The Parshah opens with Hashem's choice of Avraham, and the promises that He made to him without telling him why?
Ramban: Avraham left Ur Kasdim for Eretz Kena'an, together with his father, because of the persecution that he suffered at the hands of the locals (due to his belief in the One and only G-d), as is hinted at the end of Parshas Noach. 1 Because his father had stopped in Charan, Hashem instructed him to move on, to fulfill his original intention of moving to a place where he could freely serve Hashem and bring others under the wings of the Shechinah.
Maharal #1 (Derech Chayim 5:17, p. 262): Had a reason been written, we would infer that Hashem's choice was conditional; that if Avraham's descendants were to sin, they might lose their chosen status. Now that no reason is written, Hashem's love for them is unconditional and permanent. 2
Maharal #2 (Derush l'Shabbos Ha'Gadol, Hagadah Shel Pesach p. 205): In Avraham's day, the Shechinah had returned to the highest Heavens, and Hashem's guidance was not apparent in the world. Avraham was puzzled about this. Hashem responded that he should separate from the Resha'im in his locale, and go to Eretz Yisrael, the land that Hashem Himself watches and supervises. 3
See Targum Yonasan to 11:28.
Maharal (Netzach Yisrael Ch. 11, p. 68) adds that Hashem's choice of Avraham included the entire nation of his descendants, independent of the actions or conduct on their part.
This seems to imply that Avraham's selection for this mission was not a reward for his deeds, but rather to provide him a fitting environment in which to serve Hashem. (EK)
Why did Hashem use the expression "Lech-Lecha" (go for yourself)?
Rashi: What Hashem meant is that moving to Eretz Cana'an would be to Avraham's benefit - 'because it is in Eretz Cana'an that a. he would ultimately become a great nation, and b. he would merit to have children. 1 Moreover, there Hashem would cause his good name to spread.

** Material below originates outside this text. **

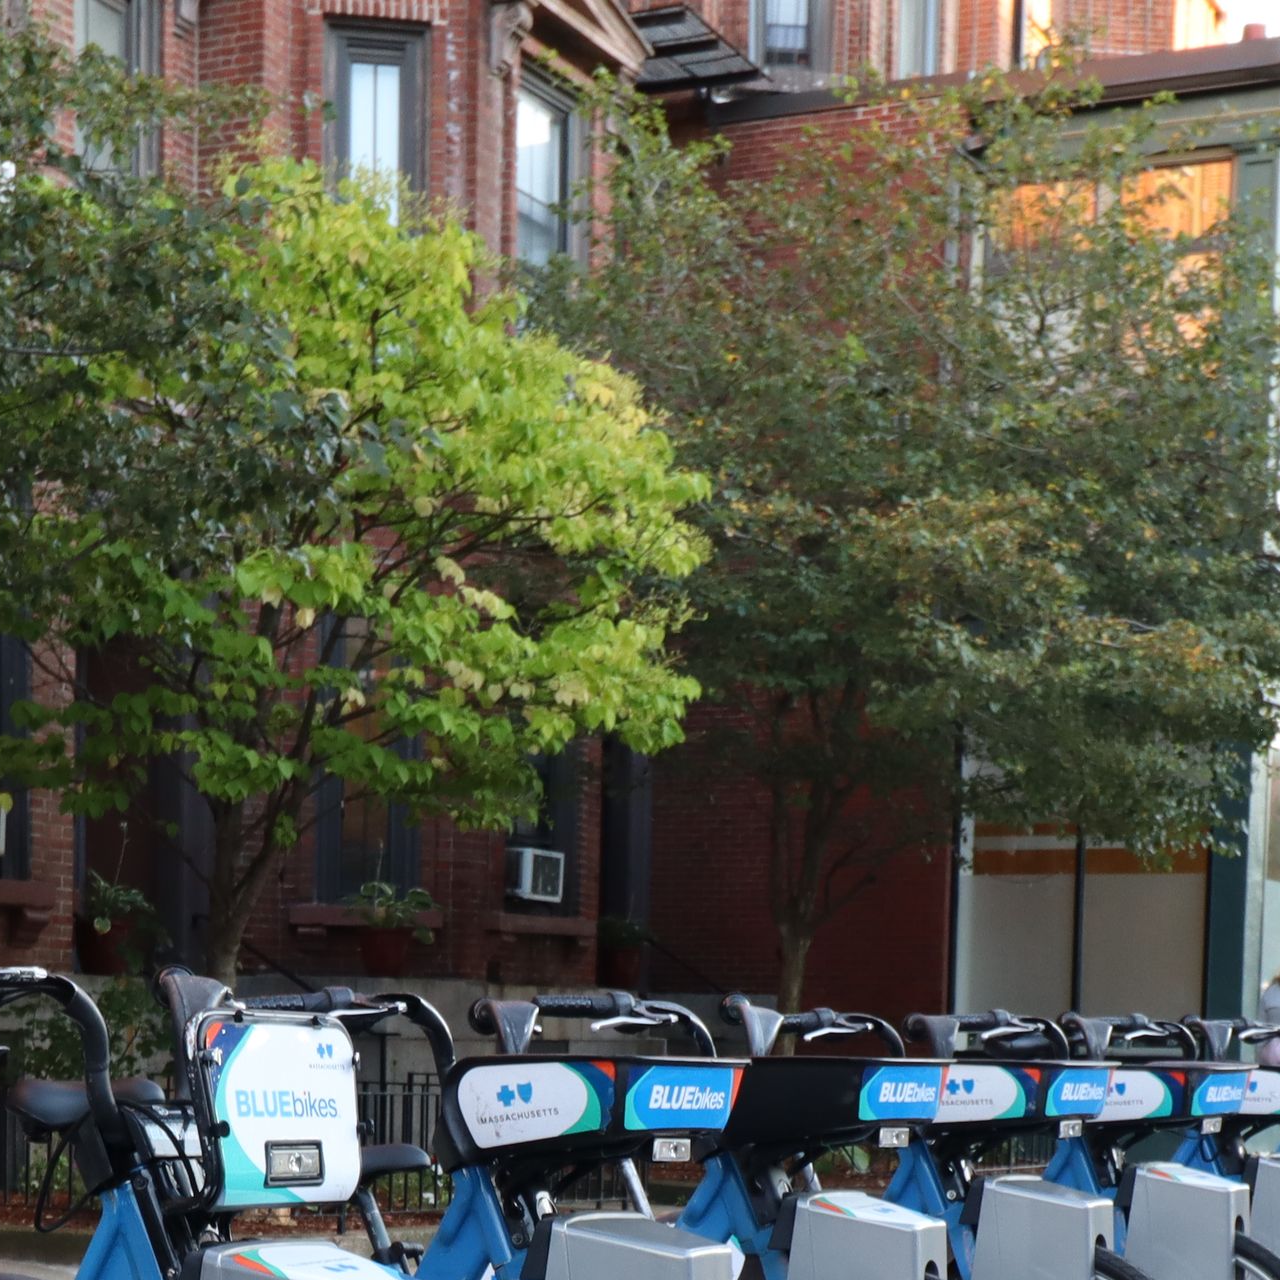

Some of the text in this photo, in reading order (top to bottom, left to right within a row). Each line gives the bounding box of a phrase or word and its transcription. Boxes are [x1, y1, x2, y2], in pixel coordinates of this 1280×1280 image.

Rashi (on Bereishis Rabah): It is in Eretz Cana'an that he will serve Hashem, but as long as lives in Chutz la'Aretz it is as if he did not have a G-d.
Ramban #1: It is perfectly normal for the Torah to insert the word "Li," "Lecha" or "Lo" (and he presents a number of examples to that effect).
Ramban (citing the Ibn Ezra 2 ): The Pasuk means that Hashem told Abraham to leave his homeland earlier on (while he was still in Ur Kasdim).
Ramban #2 (citing the Midrash): Once from Aram Naharayim (the country where he was born) and once from Aram Nachor (the capital).
Riva, from Bereishis Rabah (and Rosh Hashanah 16b): Change of place can tear up harsh decrees.
Avraham already left his homeland and birthplace (Bereishis 11:31). Why does Hashem tell him now to leave them?
Rashi: Granted, he had left Ur Kasdim 1 to go to Charan, but Hashem now instructed him to distance himself even further.
Ramban: Avraham was not born in Ur Kasdim, rather in Charan, where he was residing with his father when Hashem told him to leave.
Why did Hashem see fit to mention Avraham's land, birthplace and family?
Ramban: It is hard to leave one's home country, even harder to leave one's home-town, and harder still, one's family. Hashem was testing Avraham here to see whether his love of Him exceeded that of all else that was dear to him.
Why did Hashem not simply tell Avraham in advance exactly where to go?
Rashi: To endear Eretz Cana'an in Avraham's eyes (as is the way of secrets), and to reward him for each set of instructions as he fulfilled it. 1
QUESTIONS ON RASHI
Rashi writes: "'Lech Lecha' - for your benefit; for your own good." Why does Rashi use this doubled expression?
Gur Aryeh: If Avraham would receive only one benefit, the verse should specify it. The general statement "Lech Lecha" must mean that there would be numerous benefits.
Rashi writes: "'Lech Lecha' - for your benefit; for your own good."There are other instances, however, when "Lecha" does not mean this?
Gur Aryeh: In other verses, 1 what is implied is "go by your own initiative." Here it cannot mean that, because Hashem was commanding Avraham to go.
Rashi writes: 'There, I will make you a great nation (12:2), whereas here (in Charan) you will not merit to have children.' This contrast is not parallel; it should say, "... here, you will not become a great nation."
Gur Aryeh: The blessing to have children is specifically connected to the merit of living in Eretz Yisrael (Yevamos 64a); also refer to 16:3:3.2.